Bar Chart of Salary Component Breakdown by Department

# Create bar chart of breakdown of base salary, longevity pay and overtime pay, by department
employeeSalaries_long <- employeeSalaries %>%
  filter(!is.na(`Base Salary`) & !is.na(`2021 Overtime Pay`) & !is.na(`2021 Longevity Pay`)) %>%
  pivot_longer(
    cols = c(`Base Salary`, `2021 Overtime Pay`, `2021 Longevity Pay`),
    names_to = "PayType",
    values_to = "Amount"
  )
p <- ggplot(employeeSalaries_long, aes(x = `Department Name`, y = Amount, fill = PayType)) +
  geom_bar(stat = "identity", alpha = 0.8) +
  labs(
    title = "Total Compensation Breakdown by Department",
    subtitle = "Base Salary, Overtime, and Longevity Pay",
    x = "Department",
    y = "Amount",
    fill = "Pay Type",
    caption = "https://data.montgomerycountymd.gov/Human-Resources/Employee-Salaries-2021/kmkb-bmhe/about_data"
  ) +
  scale_fill_manual(values = c("Base Salary" = "#066db8", 
                               "2021 Overtime Pay" = "#b88906", 
                               "2021 Longevity Pay" = "#06c72d")) +
  scale_y_continuous(labels = label_comma()) +
  theme_minimal() +
  theme(
    axis.text.x = element_text(angle = 45, hjust = 1, size = 10),
    axis.title.x = element_text(size = 12),
    plot.caption = element_text(hjust = 0.08, size = 10, color = "gray")
  )
print(p)

interactive_plot <- ggplotly(p)
interactive_plot

Background Research

I found this dataset here: https://data.montgomerycountymd.gov/Human-Resources/Employee-Salaries-2021/kmkb-bmhe/about_data.
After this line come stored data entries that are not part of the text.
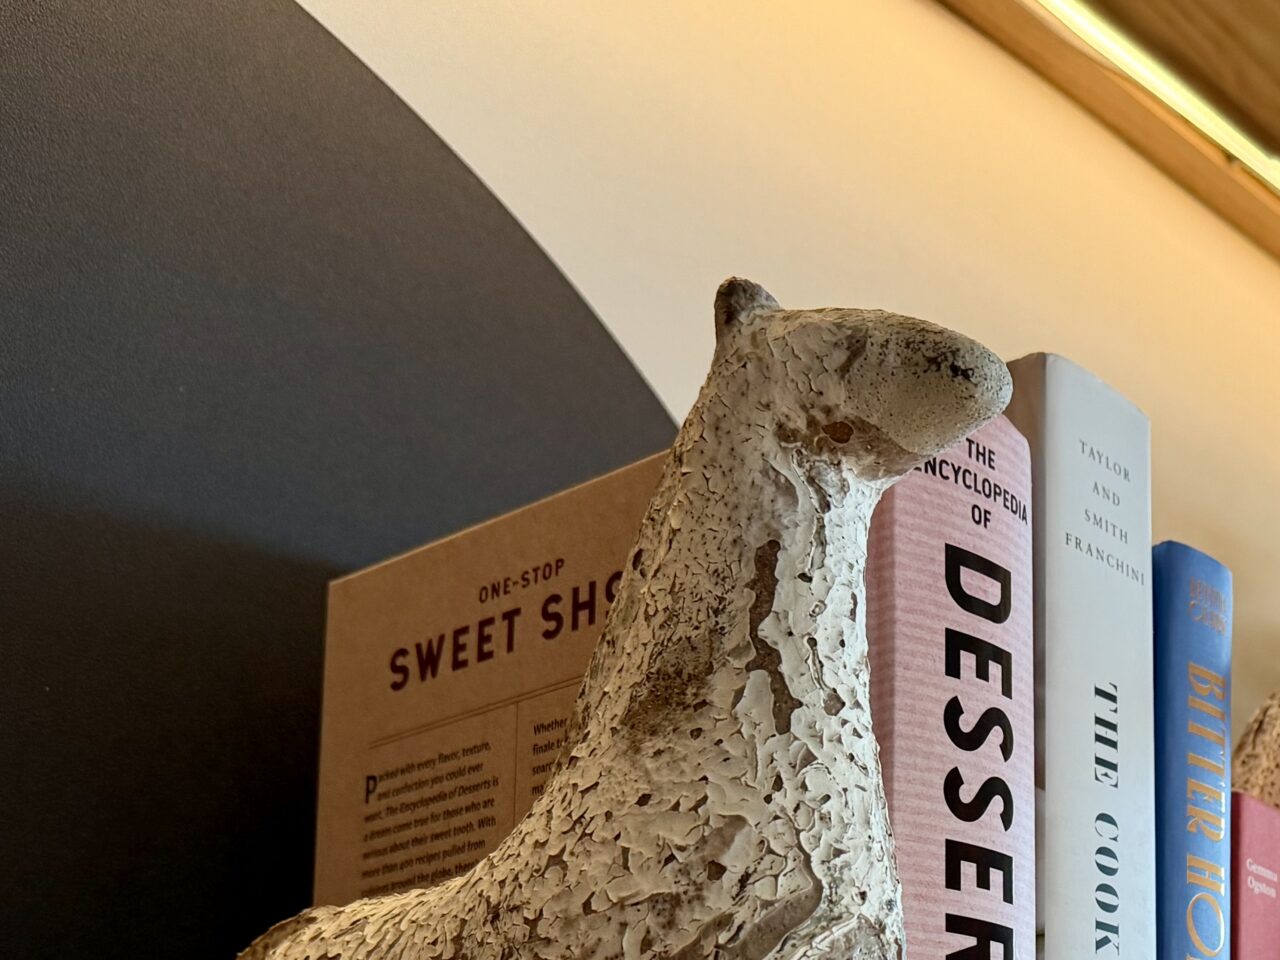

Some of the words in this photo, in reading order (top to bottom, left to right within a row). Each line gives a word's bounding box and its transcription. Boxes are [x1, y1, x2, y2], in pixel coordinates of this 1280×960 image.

[966, 438, 996, 471] THE
[1079, 440, 1131, 482] TAYLOR
[912, 457, 1028, 526] NCYCLOPEDIA
[1092, 481, 1121, 507] AND
[971, 504, 992, 529] OF
[1084, 509, 1129, 545] SMITH
[1065, 532, 1146, 586] FRANCHINI
[479, 558, 565, 604] ONE-STOP
[389, 608, 522, 692] SWEET
[540, 571, 624, 640] SHO
[533, 718, 568, 736] Whether
[1094, 682, 1119, 789] THE
[532, 739, 556, 756] finale
[1186, 661, 1226, 843] BITTER
[416, 758, 437, 771] every
[430, 776, 445, 788] you
[445, 766, 467, 781] could
[467, 762, 484, 775] ever
[384, 805, 399, 817] The
[399, 792, 448, 814] Encyclopedia
[448, 786, 458, 800] of
[458, 780, 491, 798] Desserts
[413, 816, 429, 828] true
[430, 811, 442, 823] for
[442, 805, 464, 820] those
[464, 800, 481, 814] who
[481, 797, 496, 810] are
[411, 833, 429, 847] their
[430, 828, 453, 842] sweet
[477, 816, 497, 830] With
[415, 850, 441, 867] recipes
[442, 843, 466, 860] pulled
[466, 838, 486, 853] from
[416, 871, 430, 883] the
Although originally i was looking through kaggle but couldn’t find any proper datasets. I also used this website: https://r-statistics.co/Top50-Ggplot2-Visualizations-MasterList-R-Code.html for inspiration for good visualizations.

Conclusion & Observations

This visualization shows the breakdown of pay by department including all pay types. It includes longevity pay, overtime pay, and base salary as portions of each bar. I thought it was very interesting that the Department of Police especially and the Fire and Rescue services make so much more in totality than all the other departments, my best guess is that this is simply due to the high number of employees within these departments. I’d also be curious to know more about this disparity in pay distribution between departments, for example, the Fire and Rescue Services have a significant portion of their earnings from overtime and longevity pay, whereas the vast majority of the Department of Police’s earnings comes from their base salary.